The publication of the Keep Britain Working – March 2026 update marks an important moment.

After a year of analysis, diagnosis and debate, the programme has shifted decisively into delivery mode, launching the Vanguard phase, developing the Healthy Working Lifecycle into an employer‑facing standard, and establishing the Workplace Health Intelligence Unit to build the evidence of what works.

This move from strategy to action is welcome, it reflects recognition that tackling economic inactivity and workforce exit requires practical experimentation, employer leadership, and shared learning, not just policy intent.

For those of us focused on the future of work, the question now is not whether to act, but how to ensure delivery succeeds.

Retention, participation and longer working lives: the age dimension

The core aims of Keep Britain Working are clear:

  • supporting people to stay in work
  • improving return‑to‑work outcomes
  • increasing participation and retention, particularly where health is a barrier

What is striking is how strongly these outcomes are shaped by age and career stage, even where age is not explicitly named.

Mid‑career workers experiencing burnout, late‑career workers managing health changes, people extending their working lives beyond traditional milestones…these are not marginal issues…they are now core features of the UK labour market.

Health interventions are essential, but on their own, they are often insufficient. Whether someone stays in work frequently depends just as much on:

  • job design and flexibility
  • access to redeployment or role adaptation
  • opportunities to adjust workload without loss of status
  • the absence (or presence) of age‑based assumptions

If these factors are not addressed alongside health, well‑intentioned interventions can still result in avoidable early exit from work.

The Healthy Working Lifecycle: a significant opportunity

One of the most encouraging elements of the Vanguard phase is the development of the Healthy Working Lifecycle into a practical employer standard. This framework already spans recruitment, healthy working, stay‑in‑work, return‑to‑work, and exit or redeployment. Crucially, it does not need to be expanded to accommodate age inclusion, but what it does need is age‑aware interpretation at each stage, for example:

  • recruitment and onboarding that avoid age‑coded signals
  • “healthy in work” approaches that support sustainability across longer careers
  • stay‑in‑work plans that include job redesign as well as adjustments
  • return‑to‑work processes that do not treat later career as a natural exit point
  • redeployment pathways that recognise experience as an asset

Handled well, this strengthens retention and capability, outcomes that sit squarely at the heart of the programme’s ambition.
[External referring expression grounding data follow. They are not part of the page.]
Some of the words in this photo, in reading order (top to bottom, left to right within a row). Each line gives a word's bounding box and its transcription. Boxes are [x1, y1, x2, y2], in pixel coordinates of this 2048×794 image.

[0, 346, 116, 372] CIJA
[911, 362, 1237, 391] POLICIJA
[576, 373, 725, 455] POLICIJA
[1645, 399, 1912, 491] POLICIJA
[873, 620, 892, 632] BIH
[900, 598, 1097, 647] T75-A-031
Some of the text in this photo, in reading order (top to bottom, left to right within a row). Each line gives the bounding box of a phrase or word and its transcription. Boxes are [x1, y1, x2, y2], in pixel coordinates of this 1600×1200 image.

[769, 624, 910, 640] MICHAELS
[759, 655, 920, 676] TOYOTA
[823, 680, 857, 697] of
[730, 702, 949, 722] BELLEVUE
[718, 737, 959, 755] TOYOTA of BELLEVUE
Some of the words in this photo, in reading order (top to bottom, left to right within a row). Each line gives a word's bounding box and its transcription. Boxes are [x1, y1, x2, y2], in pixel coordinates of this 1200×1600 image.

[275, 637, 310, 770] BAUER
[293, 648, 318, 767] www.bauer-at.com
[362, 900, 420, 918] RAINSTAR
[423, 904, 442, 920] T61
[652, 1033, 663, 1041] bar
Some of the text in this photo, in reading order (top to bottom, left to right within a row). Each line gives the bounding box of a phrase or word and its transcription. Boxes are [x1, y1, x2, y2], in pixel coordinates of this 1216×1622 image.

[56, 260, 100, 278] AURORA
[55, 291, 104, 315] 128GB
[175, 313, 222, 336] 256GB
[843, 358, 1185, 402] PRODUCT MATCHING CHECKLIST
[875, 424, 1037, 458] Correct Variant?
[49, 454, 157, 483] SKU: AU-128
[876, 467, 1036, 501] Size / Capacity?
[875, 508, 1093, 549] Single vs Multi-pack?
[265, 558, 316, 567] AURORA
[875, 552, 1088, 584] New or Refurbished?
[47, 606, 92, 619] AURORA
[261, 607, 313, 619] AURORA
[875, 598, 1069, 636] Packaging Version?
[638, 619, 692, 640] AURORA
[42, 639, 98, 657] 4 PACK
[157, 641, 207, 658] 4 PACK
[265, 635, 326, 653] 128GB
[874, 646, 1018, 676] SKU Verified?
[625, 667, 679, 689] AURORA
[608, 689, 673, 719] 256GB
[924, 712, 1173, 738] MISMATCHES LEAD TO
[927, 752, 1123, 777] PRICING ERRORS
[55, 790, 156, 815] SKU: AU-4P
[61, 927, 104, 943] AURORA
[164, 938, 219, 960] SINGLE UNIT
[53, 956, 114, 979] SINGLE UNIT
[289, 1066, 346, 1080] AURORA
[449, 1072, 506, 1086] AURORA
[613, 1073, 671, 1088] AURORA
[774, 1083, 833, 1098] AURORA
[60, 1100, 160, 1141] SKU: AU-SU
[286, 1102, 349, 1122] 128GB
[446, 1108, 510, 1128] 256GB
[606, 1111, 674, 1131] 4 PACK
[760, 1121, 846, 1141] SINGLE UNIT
Data, evidence and the role of the WHIU

The creation of the Workplace Health Intelligence Unit (WHIU) is another significant and welcome step. If future standards, incentives and reforms are to be evidence‑led, the quality of insight gathered during the Vanguard phase will be critical. That includes visibility of how participation, retention and return‑to‑work outcomes vary by age and life stage, and without age‑disaggregated data, it becomes harder to understand:

  • where exit risks are most acute
  • which interventions are effective for different cohorts
  • how longer working lives are being experienced in practice

Good evidence depends on the workforce being visible in its full diversity.

A moment for constructive collaboration

The March 2026 update includes a clear invitation for organisations to get involved and help build what comes next. That invitation matters, as delivery at this scale will only succeed if it draws on insight that reflects today’s workforce realities, including longer careers, intergenerational teams, and evolving expectations about how and when people work. Age inclusion is not a separate agenda, it is a practical enabler of retention, prevention and participation.

At the Age Diversity Forum, we welcome the programme’s move into the Vanguard phase and the commitment to employer‑led learning. We believe there is a timely opportunity to embed age‑aware, inclusive workforce practice into standards, data and delivery, in ways that strengthen outcomes for people, employers and the wider system.

This phase is no longer about diagnosis, it is about design, and getting that design right now will shape working lives for decades to come.